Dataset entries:

_ _ _

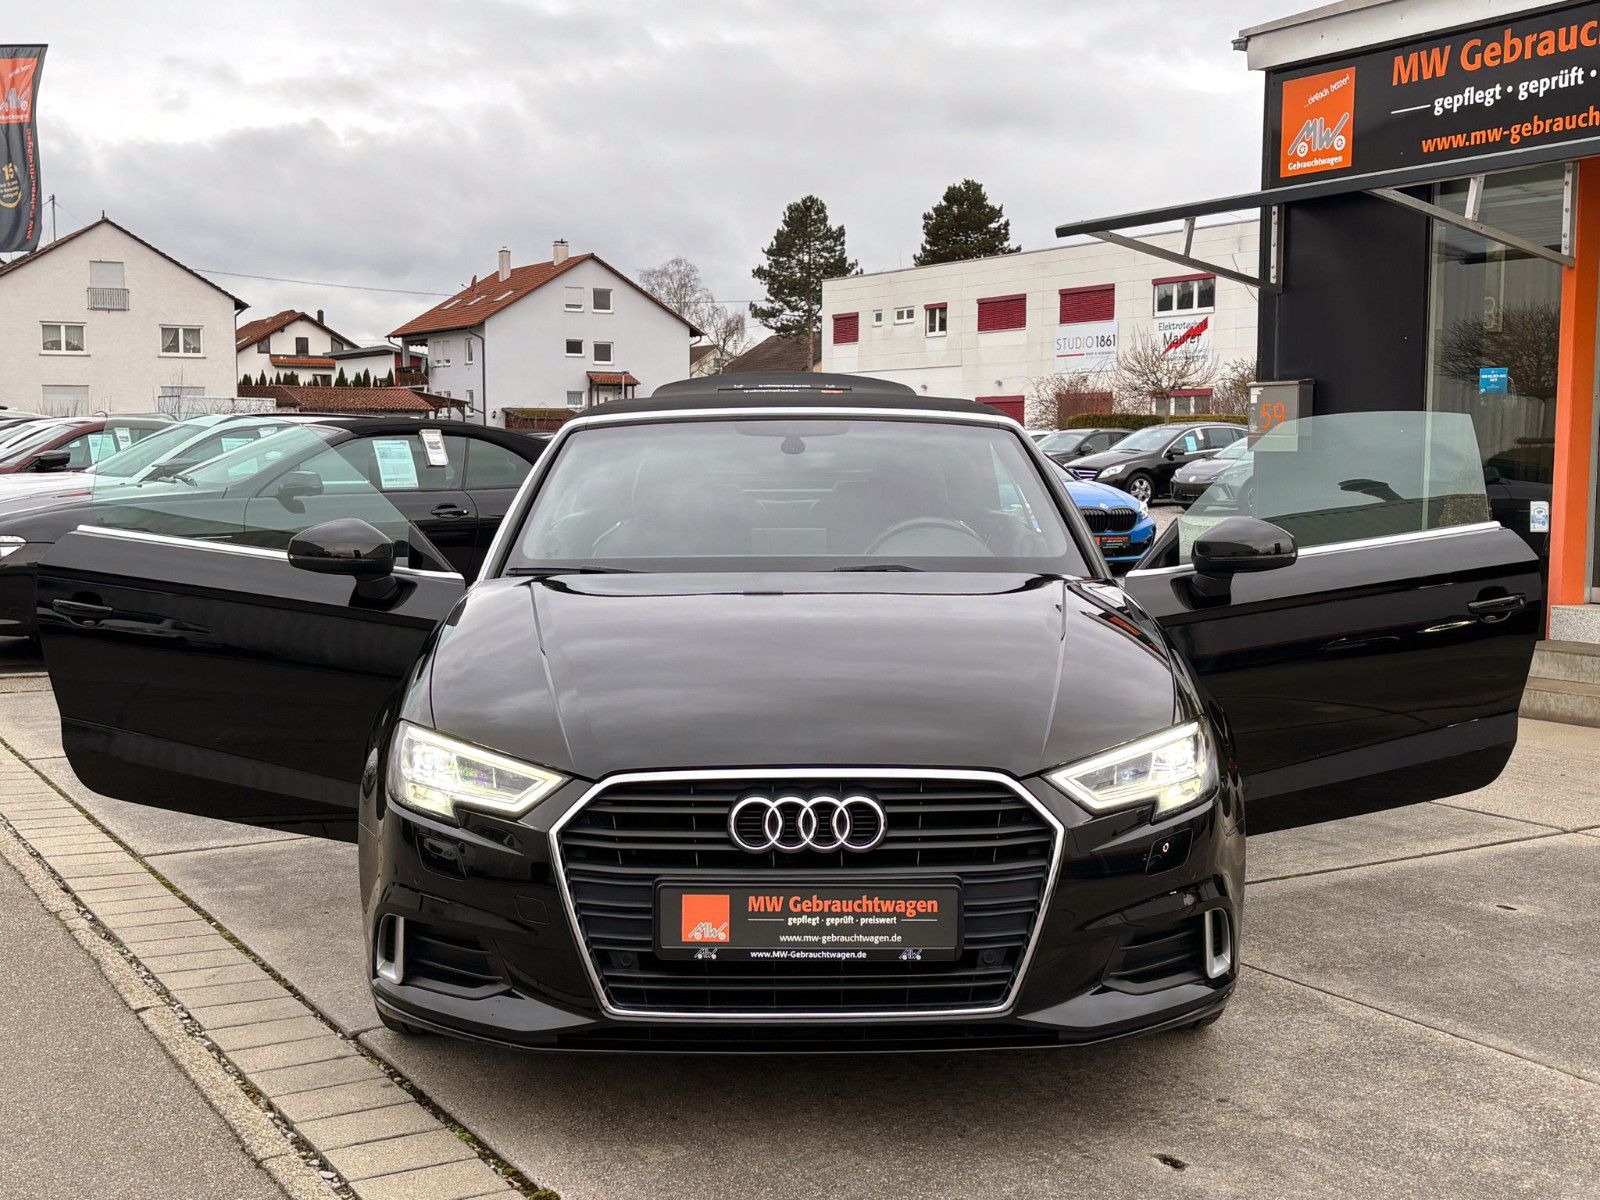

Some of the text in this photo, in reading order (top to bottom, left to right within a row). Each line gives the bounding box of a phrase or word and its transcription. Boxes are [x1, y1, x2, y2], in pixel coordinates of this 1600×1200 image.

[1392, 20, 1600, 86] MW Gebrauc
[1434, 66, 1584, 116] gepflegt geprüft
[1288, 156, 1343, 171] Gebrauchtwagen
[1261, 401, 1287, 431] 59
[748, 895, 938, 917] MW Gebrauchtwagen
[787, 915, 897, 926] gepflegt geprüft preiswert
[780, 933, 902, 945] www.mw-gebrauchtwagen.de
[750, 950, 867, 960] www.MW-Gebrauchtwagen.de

_ _ _

Task objective:
Every line above should be copied exactly, apart from any pictures.

Written answer:
Some of the text in this photo, in reading order (top to bottom, left to right within a row). Each line gives the bounding box of a phrase or word and its transcription. Boxes are [x1, y1, x2, y2], in pixel coordinates of this 1600×1200 image.

[1392, 20, 1600, 86] MW Gebrauc
[1434, 66, 1584, 116] gepflegt geprüft
[1288, 156, 1343, 171] Gebrauchtwagen
[1261, 401, 1287, 431] 59
[748, 895, 938, 917] MW Gebrauchtwagen
[787, 915, 897, 926] gepflegt geprüft preiswert
[780, 933, 902, 945] www.mw-gebrauchtwagen.de
[750, 950, 867, 960] www.MW-Gebrauchtwagen.de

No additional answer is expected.